I read with interest the CMAJ article on guidance for policy on donation after medical assistance in dying (MAiD) and other conscious and competent donors,1 and the accompanying commentary.2 Broad discussion and consultation are essential for an issue of this complexity, and I would like to contribute to what I hope will be an ongoing debate.
First, I think that it should be recognized that MAiD and withdrawal of life-sustaining measures (WLSM) are not equivalent ethical entities and should be addressed separately in the context of organ donation. Although both involve conscious and competent potential donors, the withdrawal of perhaps increasingly invasive active interventions that are prolonging an inevitable death (WLSM) is very different from the deliberate and active termination of life in MAiD. Although cases of donation after WLSM bring some different practical issues to those after circulatory determination of death (DCD), for me WLSM and DCD are similar (and far less problematic) ethical issues; therefore, the rest of my remarks will apply only to donation after MAiD.

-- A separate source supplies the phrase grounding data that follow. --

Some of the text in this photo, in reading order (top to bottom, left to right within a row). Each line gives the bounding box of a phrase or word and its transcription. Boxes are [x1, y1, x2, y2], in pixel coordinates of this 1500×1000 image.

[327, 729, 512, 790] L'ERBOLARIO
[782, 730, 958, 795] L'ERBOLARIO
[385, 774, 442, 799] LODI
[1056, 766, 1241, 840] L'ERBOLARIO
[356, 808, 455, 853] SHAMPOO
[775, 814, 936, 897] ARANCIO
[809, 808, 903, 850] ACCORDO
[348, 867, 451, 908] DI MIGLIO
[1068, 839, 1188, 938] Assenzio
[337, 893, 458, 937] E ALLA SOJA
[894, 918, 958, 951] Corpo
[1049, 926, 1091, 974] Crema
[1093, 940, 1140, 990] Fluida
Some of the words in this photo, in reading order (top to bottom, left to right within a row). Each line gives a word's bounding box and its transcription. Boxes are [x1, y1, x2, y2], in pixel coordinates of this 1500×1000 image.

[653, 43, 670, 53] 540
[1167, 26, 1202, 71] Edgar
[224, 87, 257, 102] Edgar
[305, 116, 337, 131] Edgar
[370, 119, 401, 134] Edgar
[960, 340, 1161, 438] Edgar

I have concerns that organ donation after MAiD has the potential to influence substantially the decision of individual patients to proceed with MAiD and also to increase the number of requests for MAiD. Patients contemplating MAiD are “vulnerable and susceptible to influence”2 and exposure to, for example, the national broadcasting in the Netherlands of the first domestic case of organ donation after MAiD,3 might be the proverbial thumb on the scale that tips the balance toward a decision for MAiD.

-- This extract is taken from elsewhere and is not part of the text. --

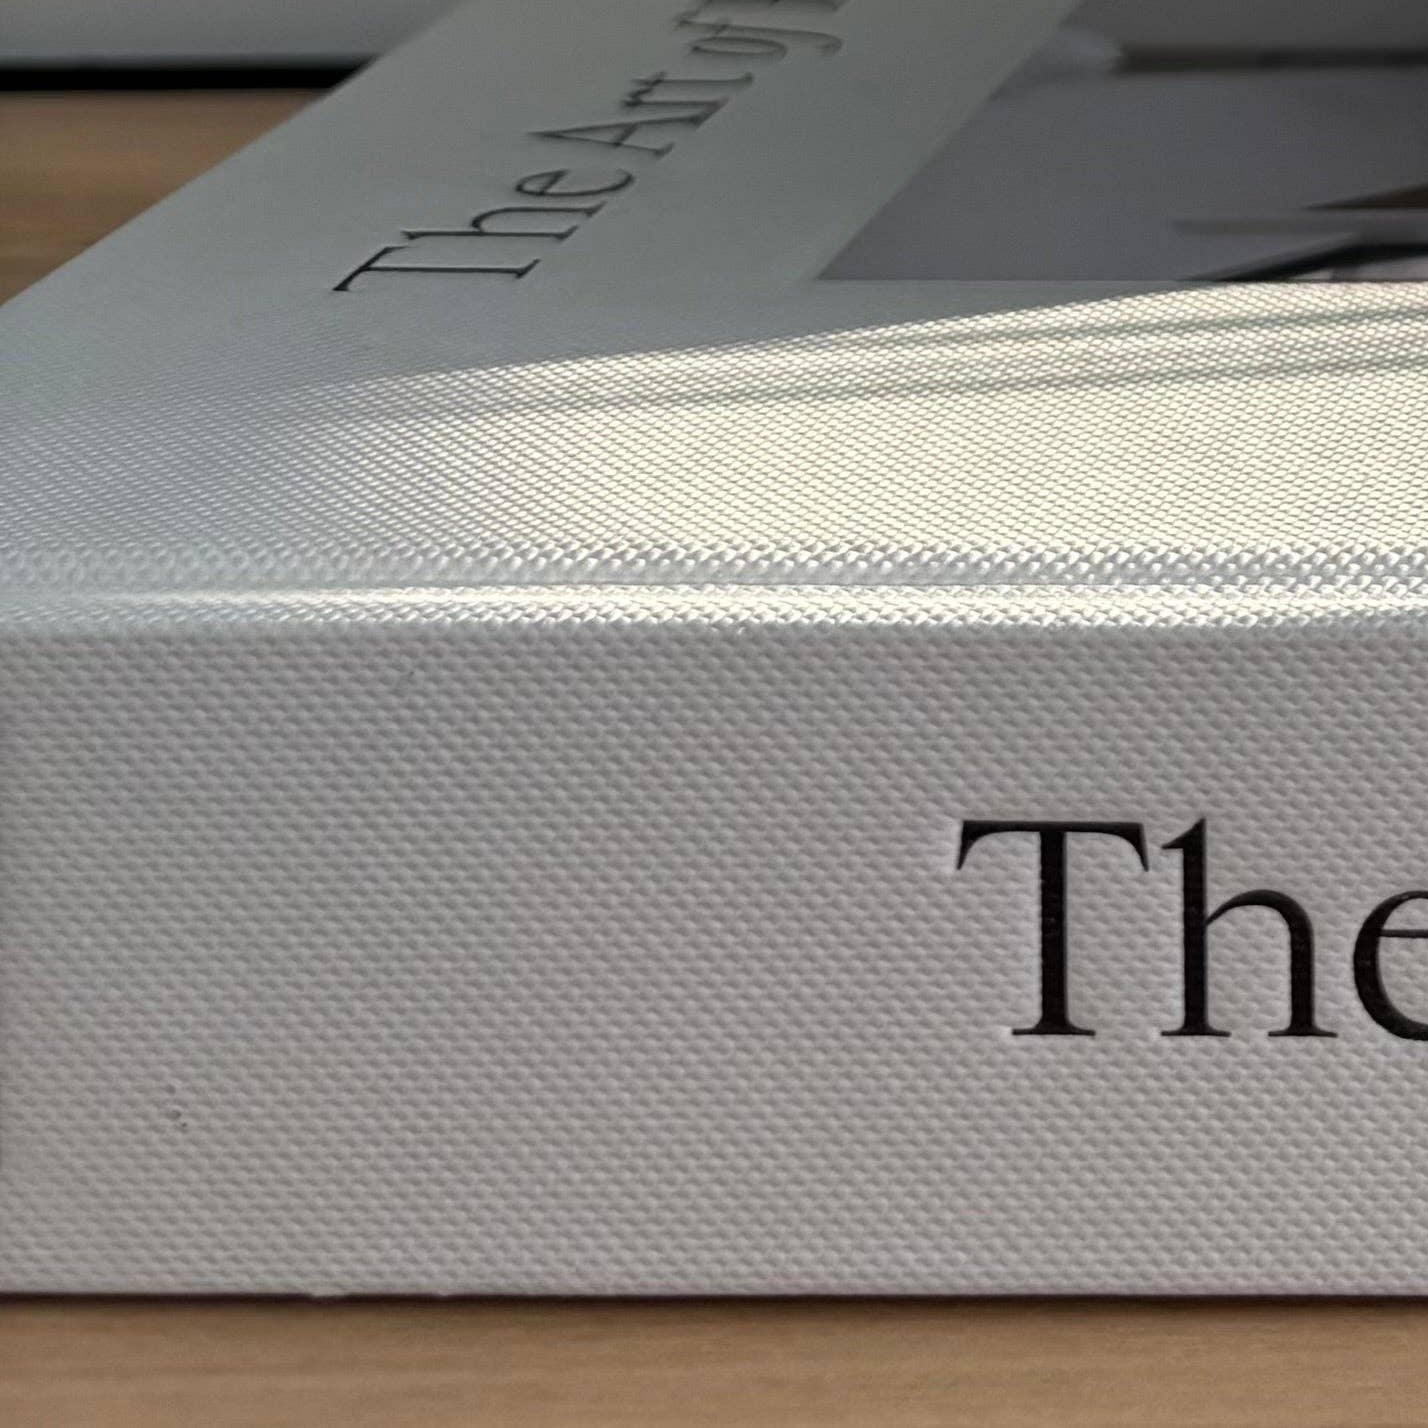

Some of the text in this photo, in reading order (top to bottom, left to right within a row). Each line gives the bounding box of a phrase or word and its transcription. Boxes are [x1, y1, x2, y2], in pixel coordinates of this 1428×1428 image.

The authors of the guidance on policy acknowledged that, “it would be difficult to exclude the possibility that the decision regarding organ donation had driven the request for MAiD, either to facilitate the donation process or to enhance the function of the transplanted organ.”1 This statement refers to directed deceased donation, but I respectfully suggest that it is equally applicable to all cases of donation in association with MAiD. They suggest that this “should be managed by ensuring that any discussion about organ donation takes place only after the decision for MAiD … is made.” However, the widespread availability of relevant information (about organ donation and the shortage of suitable organs) makes it unlikely that the request for MAiD and the decision to donate can be such a linear process. I also agree with Dr. Mulder that this “ignores the dynamic nature of the patient’s decision-making process … sometimes people change their minds about MAiD right up until the end,”2 and I am concerned that once an initial decision to donate has been made, subsequent discussions and the process of donor testing may unduly influence patients to follow through with MAiD to avoid disappointing expectations raised by their earlier decision to donate.

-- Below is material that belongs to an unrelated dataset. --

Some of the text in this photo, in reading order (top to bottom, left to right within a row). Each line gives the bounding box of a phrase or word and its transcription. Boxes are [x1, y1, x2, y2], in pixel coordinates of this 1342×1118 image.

The inevitable intertwining of the choice for MAiD and the decision to donate means that any participation in the subsequent transplant process has the potential both to validate and promote MAiD. Dr. Downar and colleagues suggest that it is not logical to object to organs from patients undergoing MAiD but then be willing to use those from victims of suicide and homicide.2 However, there are crucial differences between these scenarios: no one is motivated to proceed with suicide or homicide because of the subsequent opportunity to donate organs, and, as physicians, we actively strive to prevent both suicide and homicide whenever possible rather than facilitate death as is done with MAiD.
As an anesthesiologist working at a major transplant centre, I have recently informed my department that I am not willing to be involved in the transplantation of organs from donors who have undergone MAiD, and collegial discussions are underway about the implications for me and the rest of the department. The number of such cases is currently low, and for the reasons outlined above, if it were to rise substantially, this should be viewed with deep concern.
The already inconsistent application of criteria for MAiD in Canada,4 the more liberal euthanasia guidelines in some other countries, and the discussion about antemortem harvesting happening not only in the public domain5 but also in a high-impact medical journal,6 must surely give everyone in the transplant community (including organ recipients) pause for thought.
Footnotes
Competing interests: Dr. Middleton is an anesthesiologist who works at a major transplant centre. No other competing interests were declared.